2.2 其他设备 净化工作台；恒温培养箱36℃±1℃、30℃±1℃；冰箱2℃～5℃、恒温水浴箱46℃±1℃；匀桨仪（8000～10000r/min）；和氏震荡器；恒温干燥箱（250～300℃）高压蒸汽灭菌器（定期检定）

2.3 菌落计数器、显微镜（1500X）或PetrifilmTM自动判读仪、电子天平或药物天平（感量0.1g）；pH计或pH比色管或精密pH试纸。 2.4 玻璃器皿 锥形瓶（容量250 ml、500ml）、培养皿（90mm）、量筒（100ml）、吸管1ml(具0.01ml刻度)、10ml(具0.1ml刻度)或微量移液器及吸头。玻璃器皿用前应洗涤干净，无残留物质。吸管口上端距0.5cm处塞入约

2cm的适宜疏松的棉花，置吸管桶或牛皮袋内。锥形瓶、量筒、试管均应加棉塞

或硅胶塞再用牛皮纸包扎，置180℃干热灭菌2小时或湿热灭菌121℃30分钟，烘干备用。

2.5 用具

2.5.1 大小橡皮乳头（放入干净带盖的容器中，并应定期用75%乙醇溶液浸泡）。 2.5.2 无菌衣、帽、口罩、手套（洗净后配套，用牛皮纸包严）灭菌，备用。也可用一次性无菌衣、帽、口罩、手套。

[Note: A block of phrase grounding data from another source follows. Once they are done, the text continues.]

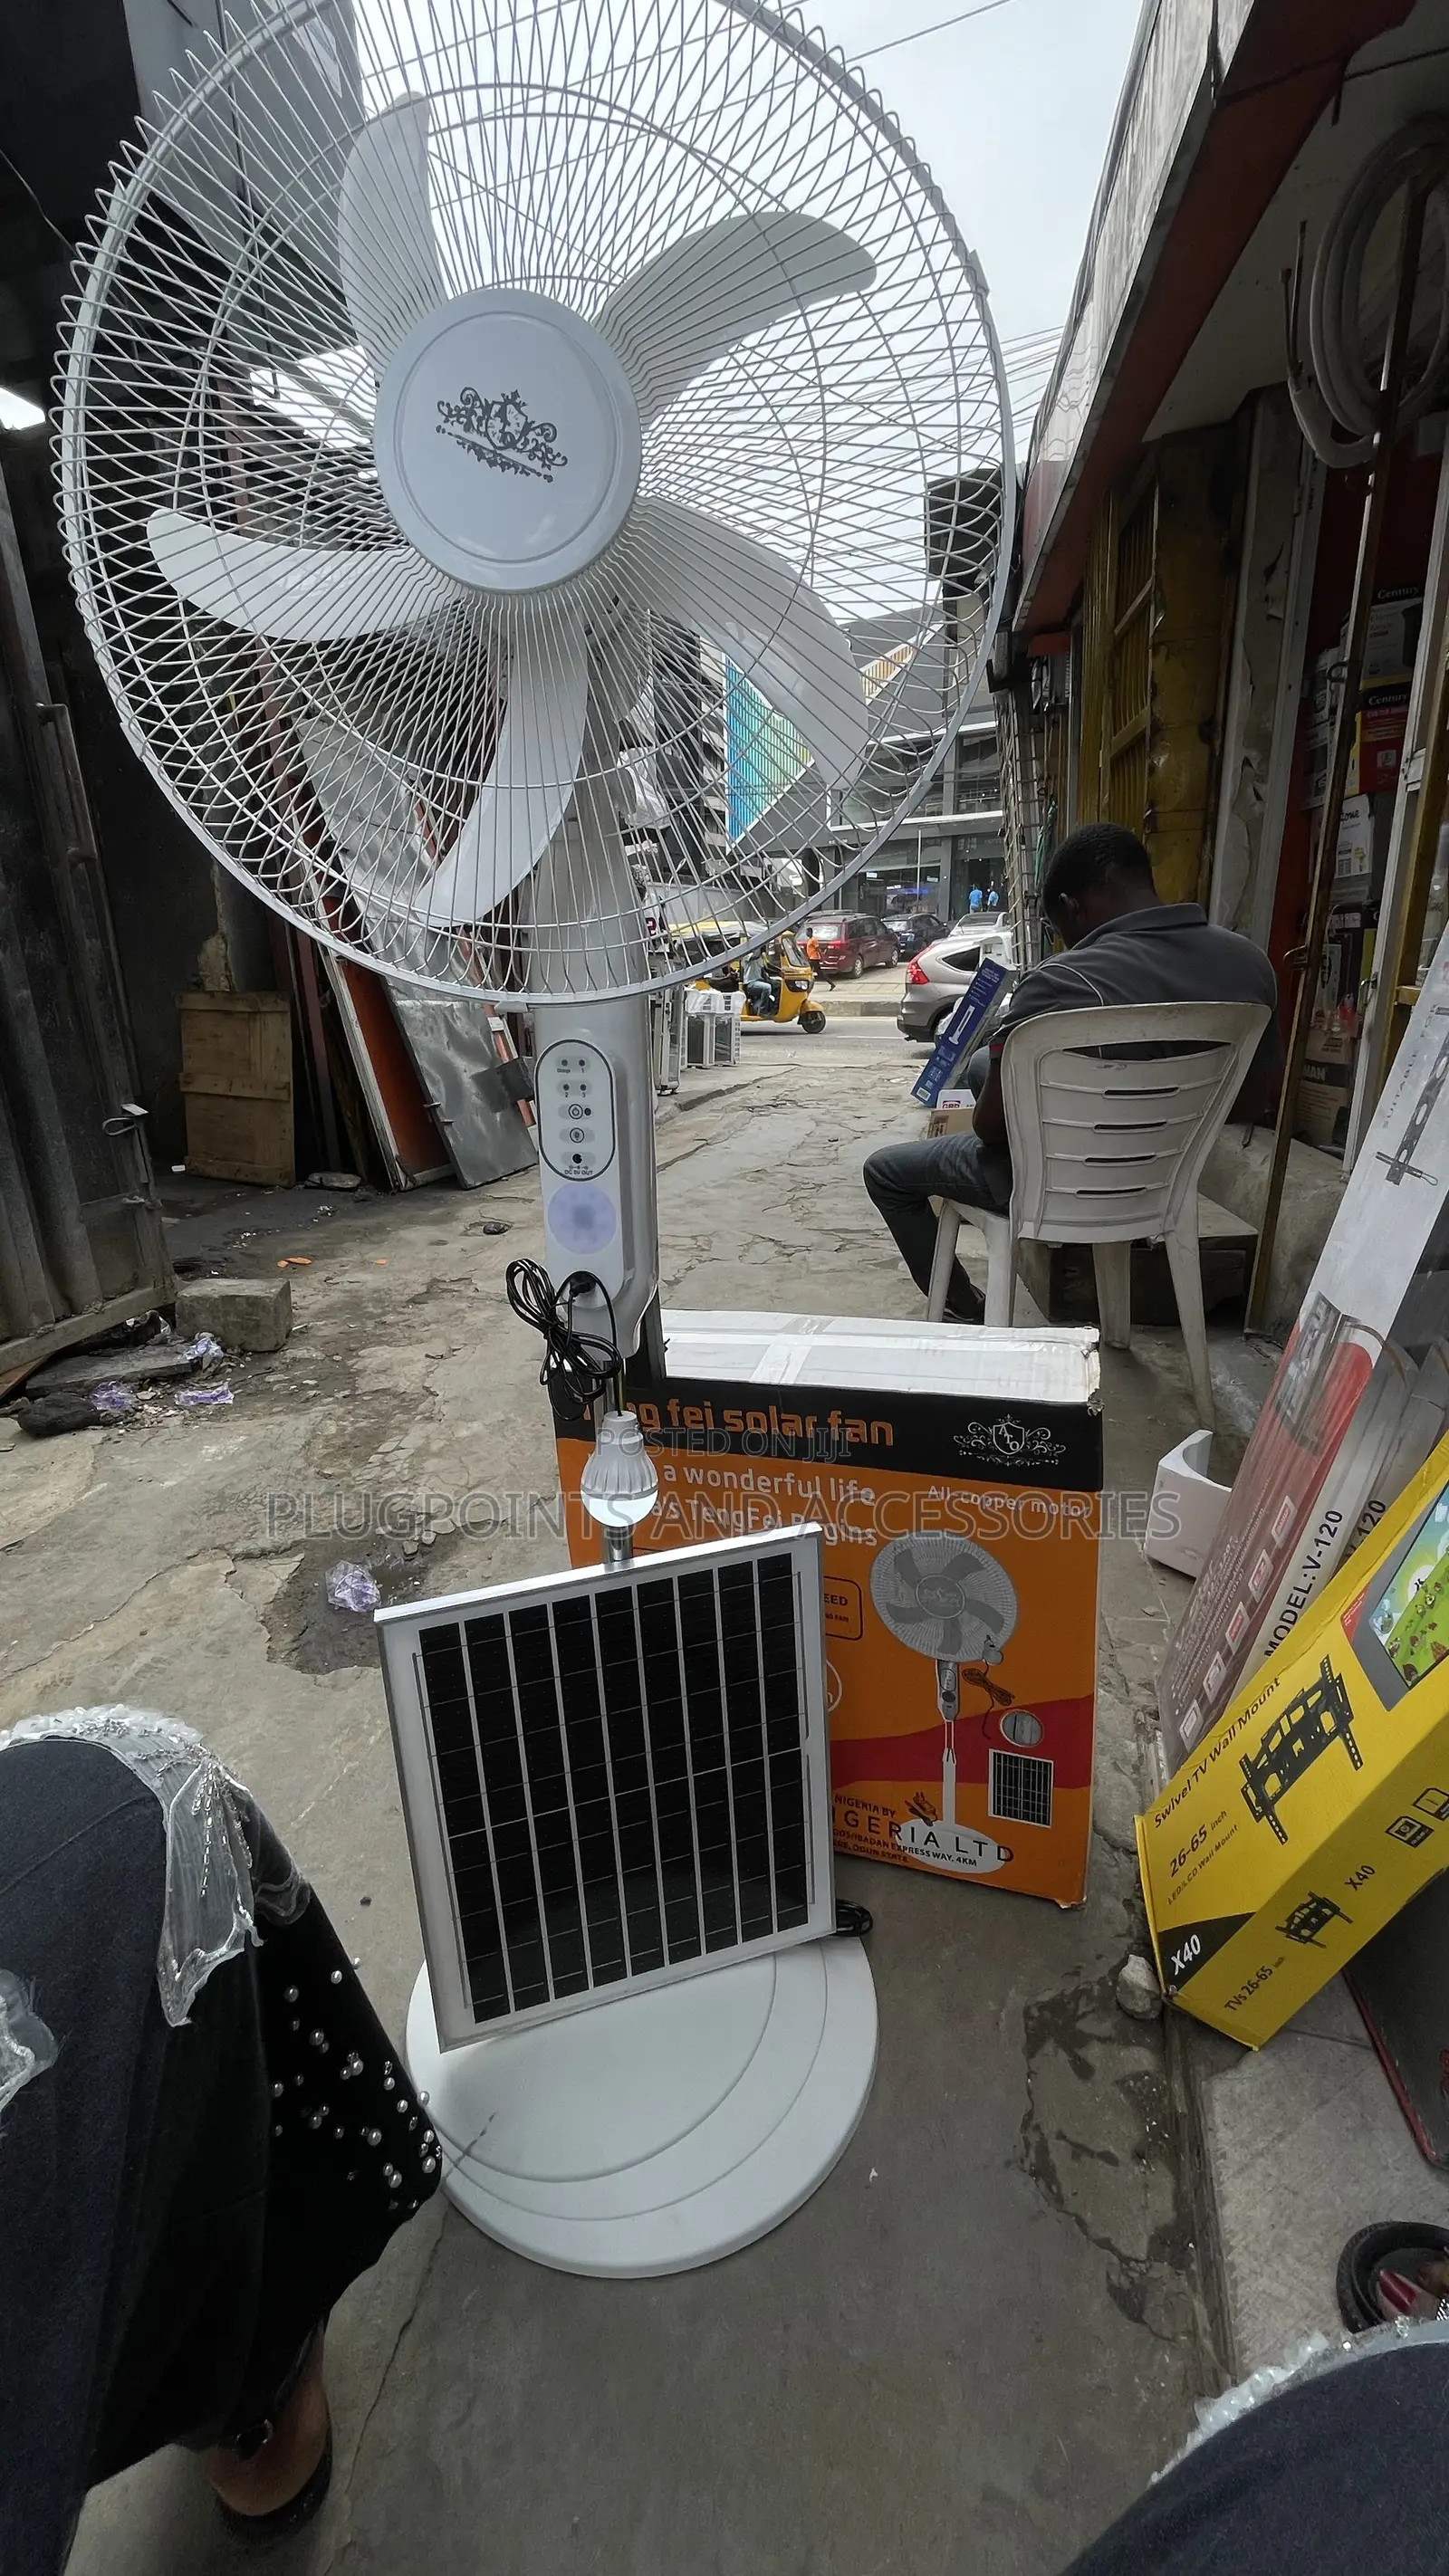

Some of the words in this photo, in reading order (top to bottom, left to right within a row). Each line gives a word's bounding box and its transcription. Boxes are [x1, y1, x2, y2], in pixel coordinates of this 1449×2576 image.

[1377, 588, 1419, 599] Century
[1368, 692, 1407, 705] Century
[667, 1398, 714, 1431] fei
[724, 1405, 818, 1438] solar
[827, 1411, 894, 1446] fan
[663, 1463, 677, 1482] a
[683, 1466, 821, 1499] wonderful
[830, 1476, 876, 1507] life
[927, 1485, 1024, 1511] All-copper
[1031, 1499, 1091, 1518] motor
[686, 1499, 782, 1531] TengFei
[791, 1512, 878, 1547] Bgins
[823, 1593, 849, 1607] EED
[1155, 1779, 1193, 1829] Swivel
[1192, 1759, 1208, 1784] TV
[1209, 1727, 1237, 1762] Wall
[1238, 1677, 1281, 1730] Mount
[834, 1795, 879, 1815] NIGERIA
[882, 1806, 896, 1819] BY
[831, 1805, 939, 1849] IGERIA
[955, 1836, 1014, 1863] LTD
[1169, 1824, 1207, 1877] 26-65
[1210, 1810, 1228, 1832] inch
[955, 1855, 977, 1866] 4KM
[1167, 1869, 1198, 1905] LED/LCD
[1198, 1849, 1214, 1871] Wall
[1214, 1824, 1238, 1853] Mount
[1345, 1864, 1376, 1891] X40
[1170, 1933, 1202, 1976] X40
[1223, 1993, 1248, 2012] TVs
[1241, 1964, 1273, 1996] 26-65

2.5.3 乙醇灯、乙醇棉球或碘伏棉球、灭菌剪刀或灭菌手术刀和灭菌镊子、灭菌钢锥、灭菌称样纸、不锈钢药勺、试管架、打火机、记号笔、白瓷盘、洗手盆、陶瓦盖（12cm）实验记录纸等。

2.6 试液 2.6.1 消毒液 0.1%苯扎溴铵溶液（供洗手、擦拭操作台面用）；5%石碳酸溶液（配好后装入玻璃消毒缸内，供消毒带菌吸管用），亦可选用其他适宜消毒液；75%乙醇溶液；碘酊或碘伏溶液。

2.6.2 稀释剂和试剂

无菌生理盐水：称取8.5g氯化钠溶于1000ml蒸馏水中，121℃高压灭菌15min。 1mol/L氢氧化钠（NaOH）：称取40g氢氧化钠溶于1000ml蒸馏水中。 1mol/L 盐酸（HCl）：移取浓盐酸90ml用蒸馏水稀释至1000ml。 磷酸盐缓冲液：

贮存液：称取磷酸二氢钾34.0g溶于500 ml蒸馏水中，用大约175ml的1mol/L氢氧化钠溶液调节pH值至7.2，用蒸馏水稀释至1000 ml后贮存于冰箱。

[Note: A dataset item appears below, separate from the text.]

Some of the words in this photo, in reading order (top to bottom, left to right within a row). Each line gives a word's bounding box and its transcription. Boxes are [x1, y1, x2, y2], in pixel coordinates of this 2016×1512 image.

稀释液：取贮存液1.25 ml，用蒸馏水稀释至1000 ml，分装于适宜容器中，121℃

高压灭菌15分钟。

2.7 培养基

平板计数琼脂（Plate count agar,PCA）培养基 2.7.1 成分

胰蛋白胨 5.0g 酵母浸膏 2.5g 葡萄糖 1.0g 琼脂 15.0g 蒸馏水 1000 ml

pH 7.0±0.2

2.7.2 将上述成分加于蒸馏水中，煮沸溶解，调节pH值。分装试管或锥形瓶，121℃高压灭菌15分钟。

培养基制备注意事项：

采用干燥培养基，按说明配制，应对灭菌后的培养基pH值进行校验，若为自配培养基，原料应挑选，琼脂凝固力应测定，以确定配制时琼脂用量。试剂规格应 为化学纯以上。

配制的培养基不应有沉淀，如有沉淀，应于溶化后趁热过滤，灭菌后使用。

培养基的分装量不得超过容器的 2／3，以免灭菌时溢出。包装时，塞子必须塞紧，以免松动或脱落造成染菌。

培养基配制后应在2小时内灭菌，避免细菌繁殖。

灭菌后的培养基在冷暗处保存备用，放置时间不能过长，以免水分散失及染菌。已溶化的培养基应一次用完，开启后不宜再用。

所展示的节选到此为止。